===== Provided entries

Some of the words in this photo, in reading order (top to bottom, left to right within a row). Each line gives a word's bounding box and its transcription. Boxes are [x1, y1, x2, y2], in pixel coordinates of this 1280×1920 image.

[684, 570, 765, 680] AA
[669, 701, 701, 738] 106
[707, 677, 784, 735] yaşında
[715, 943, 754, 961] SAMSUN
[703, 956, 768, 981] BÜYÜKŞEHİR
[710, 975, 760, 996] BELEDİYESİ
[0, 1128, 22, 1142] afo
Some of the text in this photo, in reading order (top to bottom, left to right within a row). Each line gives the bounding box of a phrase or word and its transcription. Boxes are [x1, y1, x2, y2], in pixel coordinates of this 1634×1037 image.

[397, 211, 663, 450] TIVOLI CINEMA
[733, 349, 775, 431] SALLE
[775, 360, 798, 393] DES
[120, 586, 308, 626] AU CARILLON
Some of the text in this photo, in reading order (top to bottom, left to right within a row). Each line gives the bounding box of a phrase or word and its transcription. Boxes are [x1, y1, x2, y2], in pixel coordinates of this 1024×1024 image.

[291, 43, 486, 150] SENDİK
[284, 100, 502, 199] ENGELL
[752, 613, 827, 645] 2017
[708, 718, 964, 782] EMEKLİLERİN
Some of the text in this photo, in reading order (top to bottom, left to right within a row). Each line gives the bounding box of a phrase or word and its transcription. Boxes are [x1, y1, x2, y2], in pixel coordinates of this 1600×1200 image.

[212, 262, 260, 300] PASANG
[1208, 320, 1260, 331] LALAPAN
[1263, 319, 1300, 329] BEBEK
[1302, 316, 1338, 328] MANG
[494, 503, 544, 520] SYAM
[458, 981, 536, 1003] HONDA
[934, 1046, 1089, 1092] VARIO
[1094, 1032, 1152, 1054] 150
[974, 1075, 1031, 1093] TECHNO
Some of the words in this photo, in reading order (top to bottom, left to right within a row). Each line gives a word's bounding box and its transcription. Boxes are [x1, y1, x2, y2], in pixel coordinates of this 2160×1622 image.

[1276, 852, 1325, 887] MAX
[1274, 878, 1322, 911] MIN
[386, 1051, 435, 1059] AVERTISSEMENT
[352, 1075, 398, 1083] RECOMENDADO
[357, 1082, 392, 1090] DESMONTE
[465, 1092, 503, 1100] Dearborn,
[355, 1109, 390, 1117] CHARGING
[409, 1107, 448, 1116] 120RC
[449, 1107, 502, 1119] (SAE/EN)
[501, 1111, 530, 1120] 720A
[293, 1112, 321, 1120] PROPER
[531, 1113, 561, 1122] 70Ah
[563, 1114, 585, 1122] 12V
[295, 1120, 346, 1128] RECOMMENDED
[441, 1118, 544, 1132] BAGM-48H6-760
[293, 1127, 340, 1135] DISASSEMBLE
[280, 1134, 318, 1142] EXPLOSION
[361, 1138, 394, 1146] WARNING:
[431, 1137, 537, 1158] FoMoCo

==========

# [Exercise]
Write out each line exactly, beginning at the one with "this 2160×1622 image." and ending at the final line of the records above, with nothing added.

# [Your solution]
Some of the words in this photo, in reading order (top to bottom, left to right within a row). Each line gives a word's bounding box and its transcription. Boxes are [x1, y1, x2, y2], in pixel coordinates of this 2160×1622 image.

[1276, 852, 1325, 887] MAX
[1274, 878, 1322, 911] MIN
[386, 1051, 435, 1059] AVERTISSEMENT
[352, 1075, 398, 1083] RECOMENDADO
[357, 1082, 392, 1090] DESMONTE
[465, 1092, 503, 1100] Dearborn,
[355, 1109, 390, 1117] CHARGING
[409, 1107, 448, 1116] 120RC
[449, 1107, 502, 1119] (SAE/EN)
[501, 1111, 530, 1120] 720A
[293, 1112, 321, 1120] PROPER
[531, 1113, 561, 1122] 70Ah
[563, 1114, 585, 1122] 12V
[295, 1120, 346, 1128] RECOMMENDED
[441, 1118, 544, 1132] BAGM-48H6-760
[293, 1127, 340, 1135] DISASSEMBLE
[280, 1134, 318, 1142] EXPLOSION
[361, 1138, 394, 1146] WARNING:
[431, 1137, 537, 1158] FoMoCo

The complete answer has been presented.